Nothing other than an exact copy of the records should be returned.
Content starts
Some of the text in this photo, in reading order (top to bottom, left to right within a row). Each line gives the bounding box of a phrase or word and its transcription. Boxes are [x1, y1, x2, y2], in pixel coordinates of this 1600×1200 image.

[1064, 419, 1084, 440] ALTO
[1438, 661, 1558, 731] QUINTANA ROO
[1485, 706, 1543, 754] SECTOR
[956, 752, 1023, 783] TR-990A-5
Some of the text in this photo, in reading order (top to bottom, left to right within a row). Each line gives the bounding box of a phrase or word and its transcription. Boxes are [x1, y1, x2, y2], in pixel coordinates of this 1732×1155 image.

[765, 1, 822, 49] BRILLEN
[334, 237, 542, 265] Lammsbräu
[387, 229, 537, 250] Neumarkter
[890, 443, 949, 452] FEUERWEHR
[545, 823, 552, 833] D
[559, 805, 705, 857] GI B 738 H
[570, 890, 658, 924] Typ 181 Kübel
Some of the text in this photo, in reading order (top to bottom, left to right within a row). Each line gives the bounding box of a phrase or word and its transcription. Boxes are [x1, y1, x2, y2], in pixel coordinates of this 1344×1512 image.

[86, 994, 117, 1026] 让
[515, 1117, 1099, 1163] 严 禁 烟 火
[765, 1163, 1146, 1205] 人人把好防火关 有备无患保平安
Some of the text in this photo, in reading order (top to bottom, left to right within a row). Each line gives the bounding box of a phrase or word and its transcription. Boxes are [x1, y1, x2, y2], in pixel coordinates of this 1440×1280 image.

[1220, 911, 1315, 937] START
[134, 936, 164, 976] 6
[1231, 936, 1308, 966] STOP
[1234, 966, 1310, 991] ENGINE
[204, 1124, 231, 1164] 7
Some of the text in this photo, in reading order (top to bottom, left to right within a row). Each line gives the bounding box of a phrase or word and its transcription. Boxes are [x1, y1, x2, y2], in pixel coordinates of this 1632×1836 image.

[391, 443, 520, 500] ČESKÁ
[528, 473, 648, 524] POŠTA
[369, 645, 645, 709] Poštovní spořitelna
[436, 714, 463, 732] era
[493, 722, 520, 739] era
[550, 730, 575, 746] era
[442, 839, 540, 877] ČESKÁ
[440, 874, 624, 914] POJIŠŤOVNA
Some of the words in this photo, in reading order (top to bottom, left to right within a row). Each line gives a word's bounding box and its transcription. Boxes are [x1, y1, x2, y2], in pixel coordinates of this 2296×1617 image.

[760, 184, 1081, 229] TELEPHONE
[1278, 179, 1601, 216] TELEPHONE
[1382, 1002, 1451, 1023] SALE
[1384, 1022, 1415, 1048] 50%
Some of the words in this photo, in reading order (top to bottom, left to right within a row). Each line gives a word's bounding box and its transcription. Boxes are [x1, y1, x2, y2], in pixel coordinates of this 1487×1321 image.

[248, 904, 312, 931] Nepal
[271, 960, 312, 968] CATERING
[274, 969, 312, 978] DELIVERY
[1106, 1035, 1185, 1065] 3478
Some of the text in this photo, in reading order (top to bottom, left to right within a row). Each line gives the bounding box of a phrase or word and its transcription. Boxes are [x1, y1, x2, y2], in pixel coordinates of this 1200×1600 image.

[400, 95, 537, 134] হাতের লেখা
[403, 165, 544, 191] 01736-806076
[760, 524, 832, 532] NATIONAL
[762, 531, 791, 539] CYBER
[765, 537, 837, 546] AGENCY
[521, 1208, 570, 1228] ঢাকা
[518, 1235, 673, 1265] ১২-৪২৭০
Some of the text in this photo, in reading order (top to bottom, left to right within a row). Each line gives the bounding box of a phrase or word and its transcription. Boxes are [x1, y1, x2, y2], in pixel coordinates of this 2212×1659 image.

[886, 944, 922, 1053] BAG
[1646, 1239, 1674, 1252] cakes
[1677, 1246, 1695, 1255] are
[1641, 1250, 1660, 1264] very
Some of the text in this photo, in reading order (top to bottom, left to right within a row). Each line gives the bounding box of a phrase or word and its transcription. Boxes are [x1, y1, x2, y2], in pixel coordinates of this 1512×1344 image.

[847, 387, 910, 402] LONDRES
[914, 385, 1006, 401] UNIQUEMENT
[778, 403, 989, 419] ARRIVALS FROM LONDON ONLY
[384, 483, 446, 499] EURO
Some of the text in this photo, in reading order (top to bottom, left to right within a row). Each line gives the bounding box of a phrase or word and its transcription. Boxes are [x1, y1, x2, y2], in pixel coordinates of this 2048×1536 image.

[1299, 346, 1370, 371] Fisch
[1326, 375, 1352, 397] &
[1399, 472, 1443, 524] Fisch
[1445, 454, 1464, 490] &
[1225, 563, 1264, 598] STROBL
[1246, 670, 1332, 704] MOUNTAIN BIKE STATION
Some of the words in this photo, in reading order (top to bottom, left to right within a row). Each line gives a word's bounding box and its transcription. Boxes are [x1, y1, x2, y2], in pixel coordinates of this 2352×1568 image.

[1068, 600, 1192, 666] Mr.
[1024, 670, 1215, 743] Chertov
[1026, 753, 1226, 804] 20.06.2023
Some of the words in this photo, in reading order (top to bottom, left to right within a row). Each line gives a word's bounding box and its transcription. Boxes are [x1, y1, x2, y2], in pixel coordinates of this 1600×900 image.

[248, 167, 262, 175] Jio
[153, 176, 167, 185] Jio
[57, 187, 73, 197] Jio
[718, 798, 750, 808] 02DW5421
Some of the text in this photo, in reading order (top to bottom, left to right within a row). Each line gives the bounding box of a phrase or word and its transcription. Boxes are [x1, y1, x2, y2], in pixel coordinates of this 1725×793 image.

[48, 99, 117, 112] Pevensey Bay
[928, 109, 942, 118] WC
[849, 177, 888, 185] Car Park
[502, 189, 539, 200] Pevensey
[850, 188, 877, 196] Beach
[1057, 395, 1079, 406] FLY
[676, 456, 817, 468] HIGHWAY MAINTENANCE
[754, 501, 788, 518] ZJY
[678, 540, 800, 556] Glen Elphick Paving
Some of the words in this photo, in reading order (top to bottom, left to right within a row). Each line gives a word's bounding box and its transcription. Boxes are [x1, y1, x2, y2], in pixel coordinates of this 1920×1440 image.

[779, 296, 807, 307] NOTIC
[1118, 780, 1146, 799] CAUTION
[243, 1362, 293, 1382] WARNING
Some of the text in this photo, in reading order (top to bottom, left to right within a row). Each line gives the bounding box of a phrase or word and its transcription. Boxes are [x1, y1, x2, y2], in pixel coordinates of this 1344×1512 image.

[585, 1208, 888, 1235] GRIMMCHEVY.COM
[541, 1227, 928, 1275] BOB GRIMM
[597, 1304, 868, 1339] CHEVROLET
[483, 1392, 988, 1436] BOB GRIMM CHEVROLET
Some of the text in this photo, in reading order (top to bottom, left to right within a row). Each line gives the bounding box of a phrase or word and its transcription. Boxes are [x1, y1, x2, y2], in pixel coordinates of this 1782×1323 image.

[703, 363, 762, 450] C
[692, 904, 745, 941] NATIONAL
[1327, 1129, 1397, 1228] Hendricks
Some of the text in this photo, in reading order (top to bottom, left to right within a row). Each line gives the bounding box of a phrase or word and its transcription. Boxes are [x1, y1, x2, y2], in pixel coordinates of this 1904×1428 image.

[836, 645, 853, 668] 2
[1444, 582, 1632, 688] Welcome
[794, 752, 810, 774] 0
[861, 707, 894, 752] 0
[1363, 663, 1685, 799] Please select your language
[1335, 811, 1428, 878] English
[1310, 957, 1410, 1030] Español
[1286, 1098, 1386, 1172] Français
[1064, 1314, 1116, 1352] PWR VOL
Content ends
[YOUR SOLUTION]
Some of the text in this photo, in reading order (top to bottom, left to right within a row). Each line gives the bounding box of a phrase or word and its transcription. Boxes are [x1, y1, x2, y2], in pixel coordinates of this 1600×1200 image.

[1064, 419, 1084, 440] ALTO
[1438, 661, 1558, 731] QUINTANA ROO
[1485, 706, 1543, 754] SECTOR
[956, 752, 1023, 783] TR-990A-5
Some of the text in this photo, in reading order (top to bottom, left to right within a row). Each line gives the bounding box of a phrase or word and its transcription. Boxes are [x1, y1, x2, y2], in pixel coordinates of this 1732×1155 image.

[765, 1, 822, 49] BRILLEN
[334, 237, 542, 265] Lammsbräu
[387, 229, 537, 250] Neumarkter
[890, 443, 949, 452] FEUERWEHR
[545, 823, 552, 833] D
[559, 805, 705, 857] GI B 738 H
[570, 890, 658, 924] Typ 181 Kübel
Some of the text in this photo, in reading order (top to bottom, left to right within a row). Each line gives the bounding box of a phrase or word and its transcription. Boxes are [x1, y1, x2, y2], in pixel coordinates of this 1344×1512 image.

[86, 994, 117, 1026] 让
[515, 1117, 1099, 1163] 严 禁 烟 火
[765, 1163, 1146, 1205] 人人把好防火关 有备无患保平安
Some of the text in this photo, in reading order (top to bottom, left to right within a row). Each line gives the bounding box of a phrase or word and its transcription. Boxes are [x1, y1, x2, y2], in pixel coordinates of this 1440×1280 image.

[1220, 911, 1315, 937] START
[134, 936, 164, 976] 6
[1231, 936, 1308, 966] STOP
[1234, 966, 1310, 991] ENGINE
[204, 1124, 231, 1164] 7
Some of the text in this photo, in reading order (top to bottom, left to right within a row). Each line gives the bounding box of a phrase or word and its transcription. Boxes are [x1, y1, x2, y2], in pixel coordinates of this 1632×1836 image.

[391, 443, 520, 500] ČESKÁ
[528, 473, 648, 524] POŠTA
[369, 645, 645, 709] Poštovní spořitelna
[436, 714, 463, 732] era
[493, 722, 520, 739] era
[550, 730, 575, 746] era
[442, 839, 540, 877] ČESKÁ
[440, 874, 624, 914] POJIŠŤOVNA
Some of the words in this photo, in reading order (top to bottom, left to right within a row). Each line gives a word's bounding box and its transcription. Boxes are [x1, y1, x2, y2], in pixel coordinates of this 2296×1617 image.

[760, 184, 1081, 229] TELEPHONE
[1278, 179, 1601, 216] TELEPHONE
[1382, 1002, 1451, 1023] SALE
[1384, 1022, 1415, 1048] 50%
Some of the words in this photo, in reading order (top to bottom, left to right within a row). Each line gives a word's bounding box and its transcription. Boxes are [x1, y1, x2, y2], in pixel coordinates of this 1487×1321 image.

[248, 904, 312, 931] Nepal
[271, 960, 312, 968] CATERING
[274, 969, 312, 978] DELIVERY
[1106, 1035, 1185, 1065] 3478
Some of the text in this photo, in reading order (top to bottom, left to right within a row). Each line gives the bounding box of a phrase or word and its transcription. Boxes are [x1, y1, x2, y2], in pixel coordinates of this 1200×1600 image.

[400, 95, 537, 134] হাতের লেখা
[403, 165, 544, 191] 01736-806076
[760, 524, 832, 532] NATIONAL
[762, 531, 791, 539] CYBER
[765, 537, 837, 546] AGENCY
[521, 1208, 570, 1228] ঢাকা
[518, 1235, 673, 1265] ১২-৪২৭০
Some of the text in this photo, in reading order (top to bottom, left to right within a row). Each line gives the bounding box of a phrase or word and its transcription. Boxes are [x1, y1, x2, y2], in pixel coordinates of this 2212×1659 image.

[886, 944, 922, 1053] BAG
[1646, 1239, 1674, 1252] cakes
[1677, 1246, 1695, 1255] are
[1641, 1250, 1660, 1264] very
Some of the text in this photo, in reading order (top to bottom, left to right within a row). Each line gives the bounding box of a phrase or word and its transcription. Boxes are [x1, y1, x2, y2], in pixel coordinates of this 1512×1344 image.

[847, 387, 910, 402] LONDRES
[914, 385, 1006, 401] UNIQUEMENT
[778, 403, 989, 419] ARRIVALS FROM LONDON ONLY
[384, 483, 446, 499] EURO
Some of the text in this photo, in reading order (top to bottom, left to right within a row). Each line gives the bounding box of a phrase or word and its transcription. Boxes are [x1, y1, x2, y2], in pixel coordinates of this 2048×1536 image.

[1299, 346, 1370, 371] Fisch
[1326, 375, 1352, 397] &
[1399, 472, 1443, 524] Fisch
[1445, 454, 1464, 490] &
[1225, 563, 1264, 598] STROBL
[1246, 670, 1332, 704] MOUNTAIN BIKE STATION
Some of the words in this photo, in reading order (top to bottom, left to right within a row). Each line gives a word's bounding box and its transcription. Boxes are [x1, y1, x2, y2], in pixel coordinates of this 2352×1568 image.

[1068, 600, 1192, 666] Mr.
[1024, 670, 1215, 743] Chertov
[1026, 753, 1226, 804] 20.06.2023
Some of the words in this photo, in reading order (top to bottom, left to right within a row). Each line gives a word's bounding box and its transcription. Boxes are [x1, y1, x2, y2], in pixel coordinates of this 1600×900 image.

[248, 167, 262, 175] Jio
[153, 176, 167, 185] Jio
[57, 187, 73, 197] Jio
[718, 798, 750, 808] 02DW5421
Some of the text in this photo, in reading order (top to bottom, left to right within a row). Each line gives the bounding box of a phrase or word and its transcription. Boxes are [x1, y1, x2, y2], in pixel coordinates of this 1725×793 image.

[48, 99, 117, 112] Pevensey Bay
[928, 109, 942, 118] WC
[849, 177, 888, 185] Car Park
[502, 189, 539, 200] Pevensey
[850, 188, 877, 196] Beach
[1057, 395, 1079, 406] FLY
[676, 456, 817, 468] HIGHWAY MAINTENANCE
[754, 501, 788, 518] ZJY
[678, 540, 800, 556] Glen Elphick Paving
Some of the words in this photo, in reading order (top to bottom, left to right within a row). Each line gives a word's bounding box and its transcription. Boxes are [x1, y1, x2, y2], in pixel coordinates of this 1920×1440 image.

[779, 296, 807, 307] NOTIC
[1118, 780, 1146, 799] CAUTION
[243, 1362, 293, 1382] WARNING
Some of the text in this photo, in reading order (top to bottom, left to right within a row). Each line gives the bounding box of a phrase or word and its transcription. Boxes are [x1, y1, x2, y2], in pixel coordinates of this 1344×1512 image.

[585, 1208, 888, 1235] GRIMMCHEVY.COM
[541, 1227, 928, 1275] BOB GRIMM
[597, 1304, 868, 1339] CHEVROLET
[483, 1392, 988, 1436] BOB GRIMM CHEVROLET
Some of the text in this photo, in reading order (top to bottom, left to right within a row). Each line gives the bounding box of a phrase or word and its transcription. Boxes are [x1, y1, x2, y2], in pixel coordinates of this 1782×1323 image.

[703, 363, 762, 450] C
[692, 904, 745, 941] NATIONAL
[1327, 1129, 1397, 1228] Hendricks
Some of the text in this photo, in reading order (top to bottom, left to right within a row). Each line gives the bounding box of a phrase or word and its transcription. Boxes are [x1, y1, x2, y2], in pixel coordinates of this 1904×1428 image.

[836, 645, 853, 668] 2
[1444, 582, 1632, 688] Welcome
[794, 752, 810, 774] 0
[861, 707, 894, 752] 0
[1363, 663, 1685, 799] Please select your language
[1335, 811, 1428, 878] English
[1310, 957, 1410, 1030] Español
[1286, 1098, 1386, 1172] Français
[1064, 1314, 1116, 1352] PWR VOL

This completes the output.